On Sat, Oct 30, 2010 at 11:34 AM, Ketil Malde
Stack Overflow and Reddit are at least improvements over the traditional web forums, starting to acquire some of the features Usenet had twenty years ago. Much like Planet-style meta-blogs and RSS syndication makes it liveable to follow blogs.
Very much this. I mourn Usenet's potential as much as anyone, but life goes on. I'll also note that some "private" sites take reasonable steps to promote openness. To use Stack Overflow as an example again, all content on the site is under a Creative Commons license and they provide torrents of raw data dumps containing everything but private information about users. So if someone wanted, it'd be possible (probably even easy) to do something like mirror all the content in the [haskell] tag somewhere on haskell.org without any advertising or extraneous SO-related stuff cluttering it up, perhaps re-organized into a more structured FAQ format.

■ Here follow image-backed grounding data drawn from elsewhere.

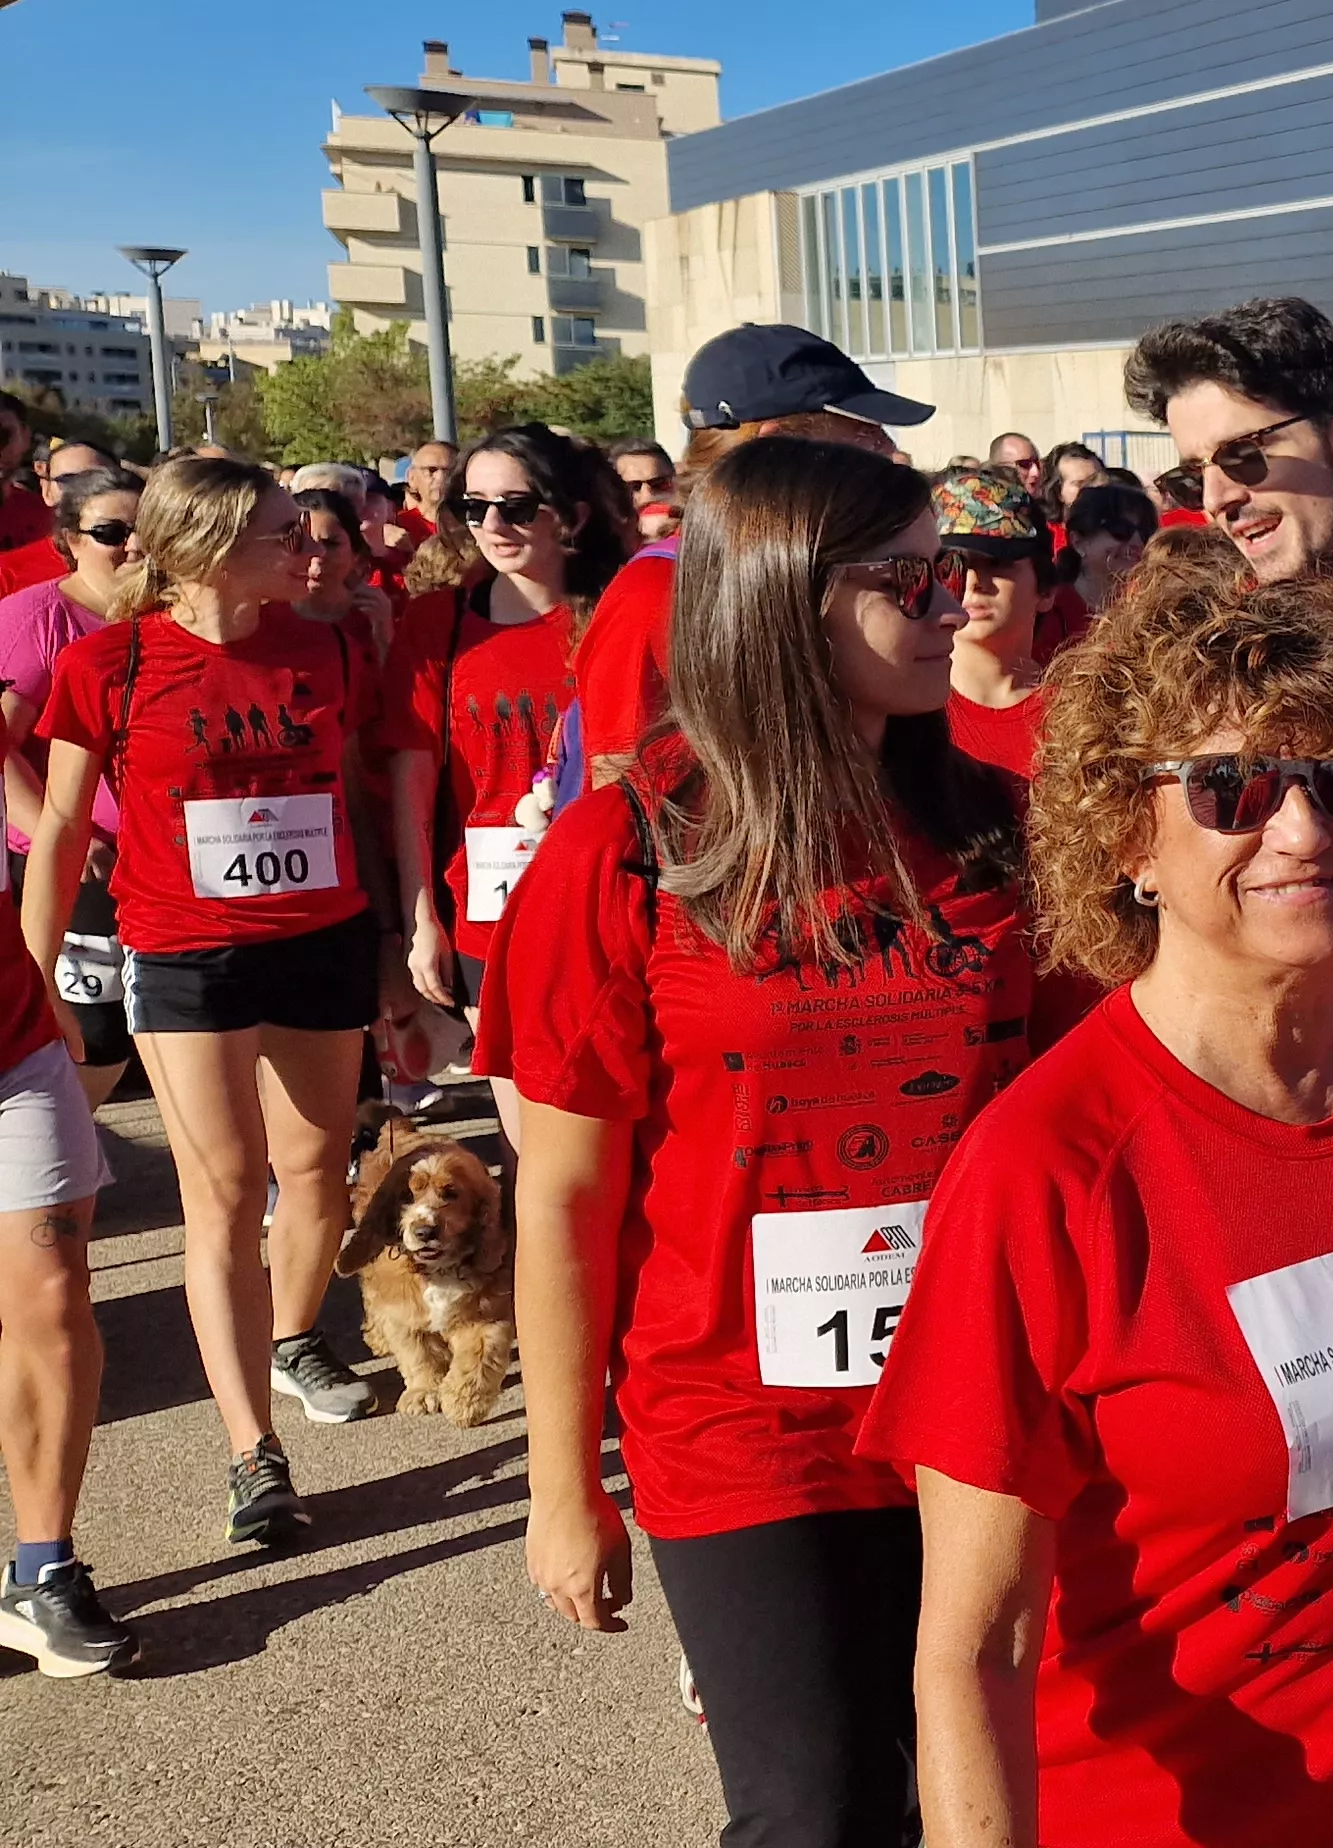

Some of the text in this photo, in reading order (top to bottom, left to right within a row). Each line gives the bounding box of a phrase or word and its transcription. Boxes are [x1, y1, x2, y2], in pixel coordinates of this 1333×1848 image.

[223, 849, 309, 887] 400
[787, 998, 861, 1015] MARCHA
[864, 988, 951, 1009] SOLIDARIA
[790, 1020, 814, 1032] POR
[816, 1019, 835, 1031] LA
[836, 1013, 909, 1030] ESCLEROSIS
[864, 1252, 906, 1263] AODEM
[772, 1275, 814, 1294] MARCHA
[815, 1273, 867, 1292] SOLIDARIA
[868, 1269, 888, 1288] POR
[890, 1268, 902, 1285] LA
[816, 1304, 904, 1372] 15
[1279, 1352, 1331, 1386] MARCHA

The important thing is making all the resources visible, and bringing stuff together. HWN is great, I don't follow Reddit, but I do click on the links that look interesting. Is there something going in the other direction, pointing SO users to mailing list threads, for instance? Most web-based email archives seem to suck - where can we point to a nice URL to get an overview of a -cafe thread?
Well, it's always good form to provide relevant links in SO answers, but I'm more likely to direct people to the wiki on Haskell.org, the online Haskell report, Hackage, various blogs, or occasional research papers. I have seen relevant -cafe threads mentioned on occasion, typically using the archive at haskell.org/pipermail and linking to a specific message. As you say, most email archives leave something to be desired. As far as I know, the best way to find anything in old -cafe threads is to do a google search with "site:http://www.haskell.org/pipermail/haskell-cafe/", and there's no good way to get an "overview". Especially as topic drift leads to subject lines being uninformative (I mean, "Edit Hackage"? What?). - C.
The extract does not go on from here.